Des travaux précédents avaient mis en évidence le rôle d’un géne appelé « Period » dans la capacité de l’ensemble de l’organisme à évaluer le temps ( le « time-keeping »). La mutation du gène (appelé ici « Period2 ») qui est à l’origine du rythme circadien a entrainée également une profonde perturbation du rythme des prises alimentaires avec un manque d’anticipation de nourriture aux niveaux comportementaux et physiologiques. Les chercheurs de l’université de Fribourg et de l’université Louis Pasteur /CNRS) ont donc identifiés le premier gène capable de prévoir la synchronisation de la disponibilité de nourriture et de l’éveil et d’anticiper l’heure des prises alimentaires..
Ces animaux de laboratoire trans-génique ont permis par ailleurs d’étudier séparément l’effet des donneurs de temps externes.
La lumière a ainsi prouvée son importance par l’intermédiaire de la mélatonine. Sous éclairage constant, le contrôle du rythme du repas est aussi un effecteur donneur de temps (« time-giving » ou "Zeitgeber"). Il est assez puissant pour remettre à zéro la synchronisation physiologique de la plupart des organes, y compris le foie (qui est très actif dans la digestion).

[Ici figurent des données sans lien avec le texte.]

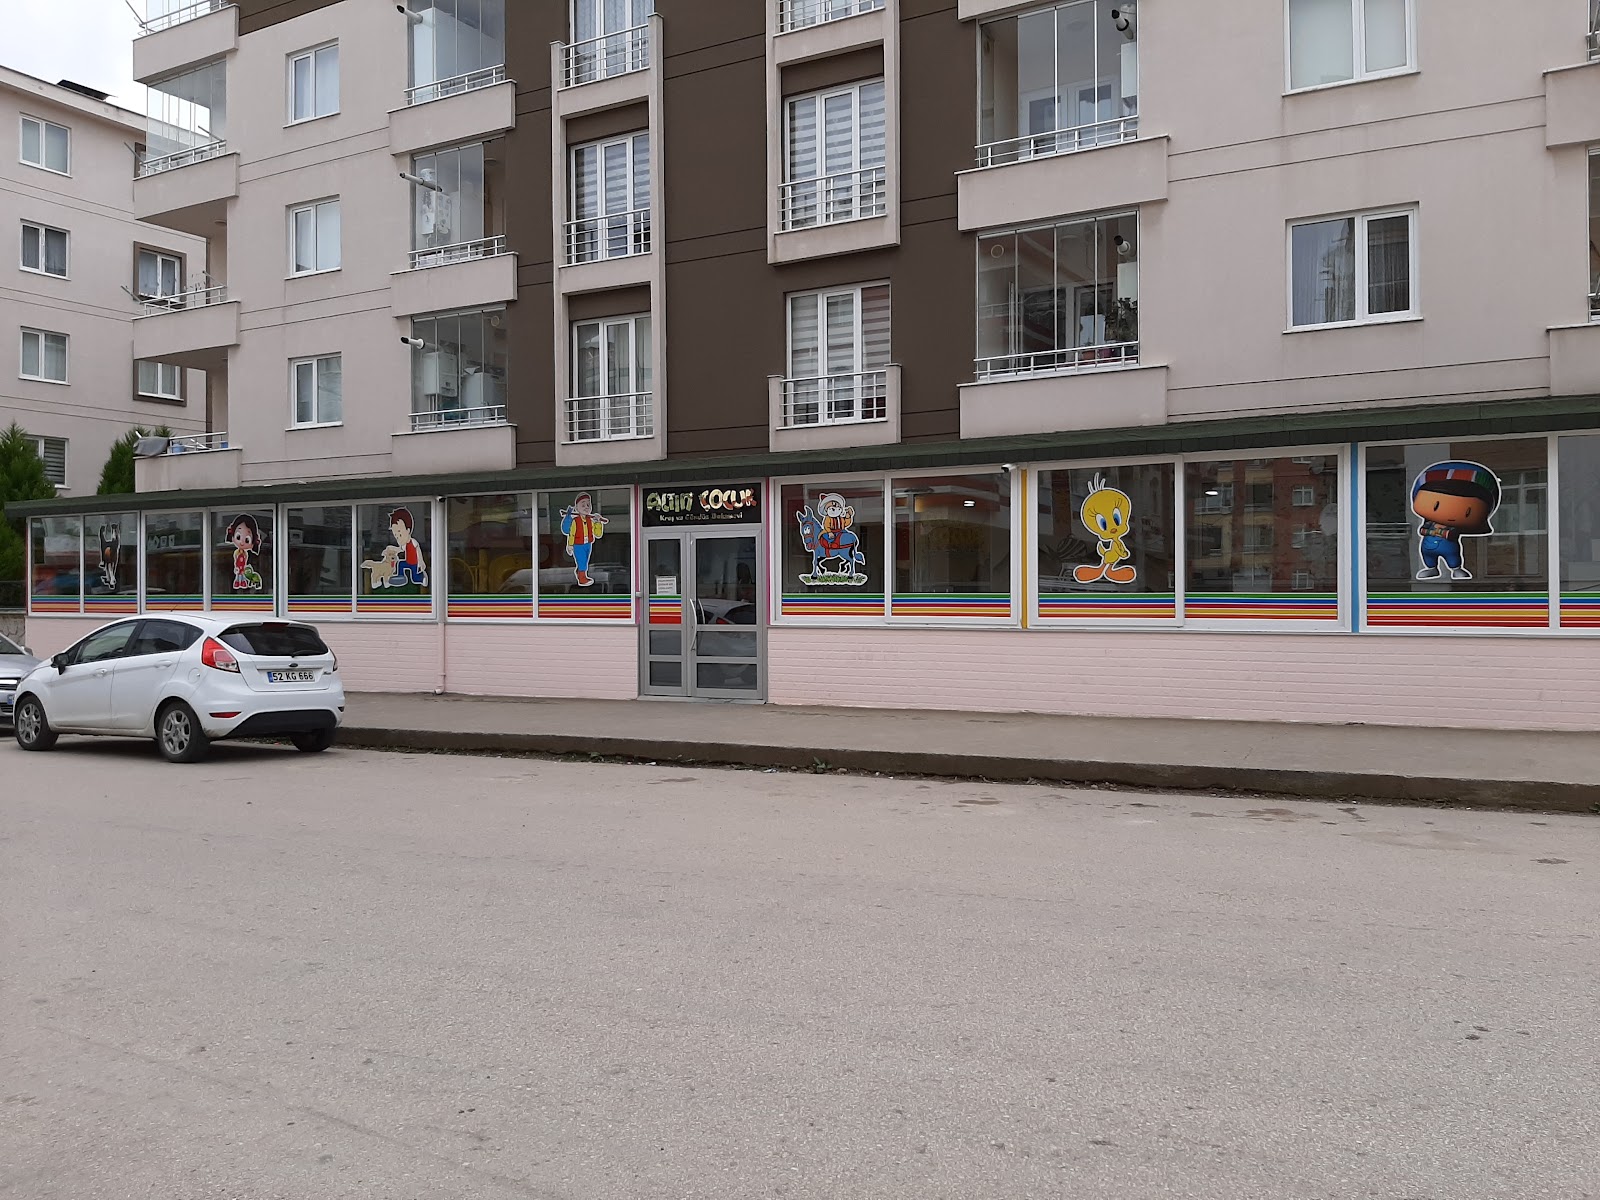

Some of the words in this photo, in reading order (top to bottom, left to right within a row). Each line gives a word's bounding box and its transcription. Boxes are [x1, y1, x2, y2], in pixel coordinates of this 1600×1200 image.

[699, 488, 757, 512] ÇOCUK
[273, 673, 284, 681] 52
[285, 672, 297, 680] KG
[298, 672, 314, 680] 666
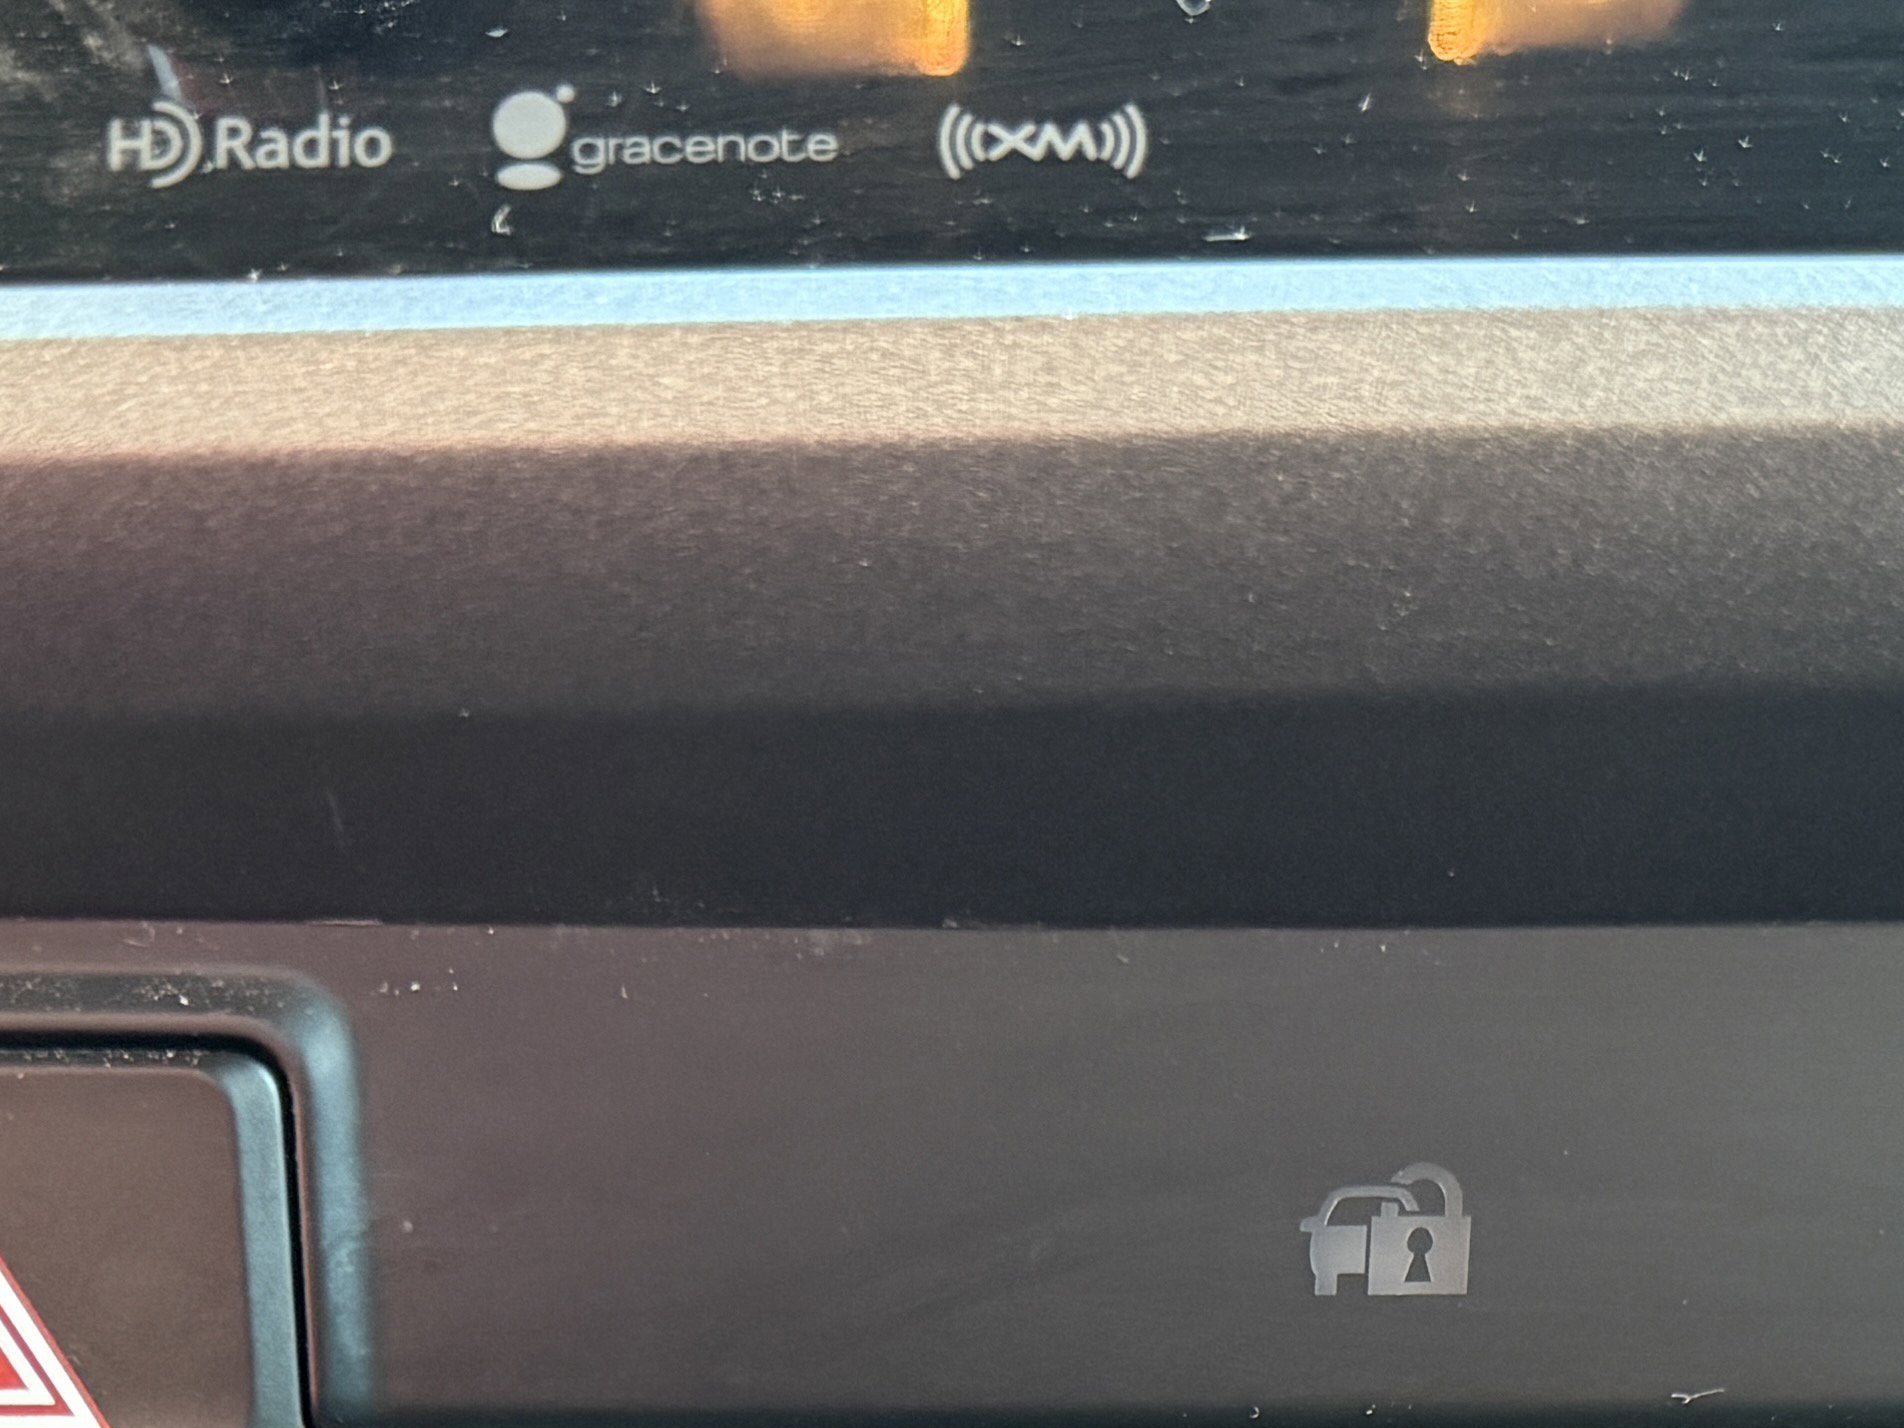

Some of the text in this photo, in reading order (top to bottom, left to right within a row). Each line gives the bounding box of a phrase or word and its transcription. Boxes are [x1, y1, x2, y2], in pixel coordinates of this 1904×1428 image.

[106, 110, 393, 180] HD Radio
[571, 127, 839, 173] gracenote

Les fluctuations de la température corporelle et le rythme du sommeil se synchronisent donc également sur le rythme de la digestion.

En terme d’impact sur le rythme circadien, les chercheurs ont constaté sur la souris que, contrairement au rythme veille sommeil (du cerveau) l’entrainement des autres différents organes par les repas programmés n’est qu’assez peu affectée par les mutation génétique de Périod. Cela suggère que ce gène n’est pas crucial pour la régulation alimentaire et affecte peu la coordination physiologique des tissus en dehors du système nerveux central.

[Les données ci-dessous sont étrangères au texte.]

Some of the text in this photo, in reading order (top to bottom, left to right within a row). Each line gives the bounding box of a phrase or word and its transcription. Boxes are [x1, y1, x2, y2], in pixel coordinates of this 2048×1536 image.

Cela explique que certaines espèces de rongeurs (affectées d’un rythme interne peu marqué) peuvent inverser leur rythme veille-sommeil (ainsi que le rythme de leur température centrale) par rapport au signal jour-nuit transmis par la mélatonine. Selon l’heure où la nourriture est disponible, ces animaux peuvent indifféremment adopter une physiologie diurne ou nocturne.
Contrairement au signal du jour, dont on sait qu’il est capté par des cellules spécifiques de la rétine, on ne connait pas la nature exacte des récepteur qui transmettent à l’ensemble de l’organisme le « signal de temps » en rapport avec les prises alimentaire.
Au niveau cérébral, par contre, on sait que des neuromédiateurs comme l’orexine-hypocrétine exercent un action commune dans l’équilibre du sommeil, tout autant que dans celui de la balance énergétique. Le « système des endoCB » est un réseau de neuromédiateurs, de découverte récente, très prometteur dans des domaines aussi variés que la douleur, le sommeil, le poids, l’humeur et peut être même l’immunité.
L’heure et la nature des repas doit donc être pris en compte parmi les somnicaments. Son importance a été démontrée dans les situations de travail de nuit tournant ou de jetlag (Cf.sur le forum du site)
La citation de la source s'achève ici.